In thinking about all this, one is reminded of the hatred and malice once meted out to gay people. Being gay was (and still is in certain quarters) proffered as some kind of moral degradation, so much so that homosexuality was criminalized and punished. As a case in point, not many people know that the grandfather of modern computing, Alan Turing, was publicly ridiculed to the point of suicide on account of his homosexuality. So you get this finger wagging and demonization, as if the ills of the world are caused by a certain subset of the population engaging in a behaviour that the state views as immoral and improper. It is oppression pure and simple and no different in kind to, say, racist oppression. You pick some behaviour (or physical attribute in the case of race) that you are afraid of, or that unsettles you in some way, or that you do not really understand, or that you know nothing whatsoever about, and then you vilify and condemn that behaviour, you drag people in front of judges, and maybe you jail them for good measure.

This is classic subjugation, a classic power game that ends up supporting a veritable industry of oppression. Think of all the police manpower used chasing drug users, all the organized dawn raids, the court costs and extortionate lawyer fees, and the privatised prisons that profit from a sizable incarcerated population from which free labour can be drawn. And that is not to mention the vast webs of organized crime that thrive the world over on the back of drug dealing. The black market trade in illicit drugs is right up there with arms sales and oil sales.

The irony here is that prohibited drugs are referred to as ‘controlled’ drugs. Yet they are well and truly out of control. There is no control over production, no control over distribution, no taxes are paid, no educational leaflets are handed out - the situation is appalling and has been so for over forty years. And yet it rolls on and on and we still hear the cry of ‘zero tolerance to drugs!’. It is an oppressive mess.

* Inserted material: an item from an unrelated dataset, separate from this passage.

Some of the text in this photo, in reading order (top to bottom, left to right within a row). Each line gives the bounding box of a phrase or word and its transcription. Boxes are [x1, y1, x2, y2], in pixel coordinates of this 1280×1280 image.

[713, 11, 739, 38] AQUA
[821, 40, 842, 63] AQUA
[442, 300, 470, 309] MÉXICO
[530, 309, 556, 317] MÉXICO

To reiterate: the central issue is health. If you are addicted to heroin you have a health problem that needs to be treated. It's the same with any other drug addiction. If, on the other hand, you don’t have health problems and you are not hurting anyone, then there is no problem (about 90% of all drug use is considered to be non-problematic). What is totally out of order and has no place in society is unwarranted oppression and demonization. Yet this is what the war on drug users entails.

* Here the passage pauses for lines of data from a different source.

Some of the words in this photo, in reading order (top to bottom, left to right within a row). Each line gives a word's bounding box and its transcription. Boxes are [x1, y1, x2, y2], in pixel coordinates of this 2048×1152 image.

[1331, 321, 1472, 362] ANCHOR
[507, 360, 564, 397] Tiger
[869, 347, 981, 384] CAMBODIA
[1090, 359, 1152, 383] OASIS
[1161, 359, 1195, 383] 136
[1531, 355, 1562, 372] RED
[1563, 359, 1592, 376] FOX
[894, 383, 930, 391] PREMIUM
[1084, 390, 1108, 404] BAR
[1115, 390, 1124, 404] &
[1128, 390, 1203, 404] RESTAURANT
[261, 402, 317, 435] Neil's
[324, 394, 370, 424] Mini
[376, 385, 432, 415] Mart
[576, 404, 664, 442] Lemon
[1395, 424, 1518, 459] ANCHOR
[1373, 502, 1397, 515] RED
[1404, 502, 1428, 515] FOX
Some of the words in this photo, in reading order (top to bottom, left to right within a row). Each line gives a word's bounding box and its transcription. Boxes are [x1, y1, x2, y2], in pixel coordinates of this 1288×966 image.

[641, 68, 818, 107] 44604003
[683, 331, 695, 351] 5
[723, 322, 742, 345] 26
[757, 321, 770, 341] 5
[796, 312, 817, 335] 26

As far as I can see, the immediate decriminalization of all and any drug use is a no-brainer. Thereafter, we would need to address how best to properly control all drug manufacture and distribution away from the hands of unscrupulous armed cartels and the like. Society needs to take back control. The so-called ‘war on drugs’ is a scam, a pernicious folly that does not stand up to close scrutiny. The sooner ordinary people ‘come out’ and declare drug use to be a health issue and not a criminal issue, the better.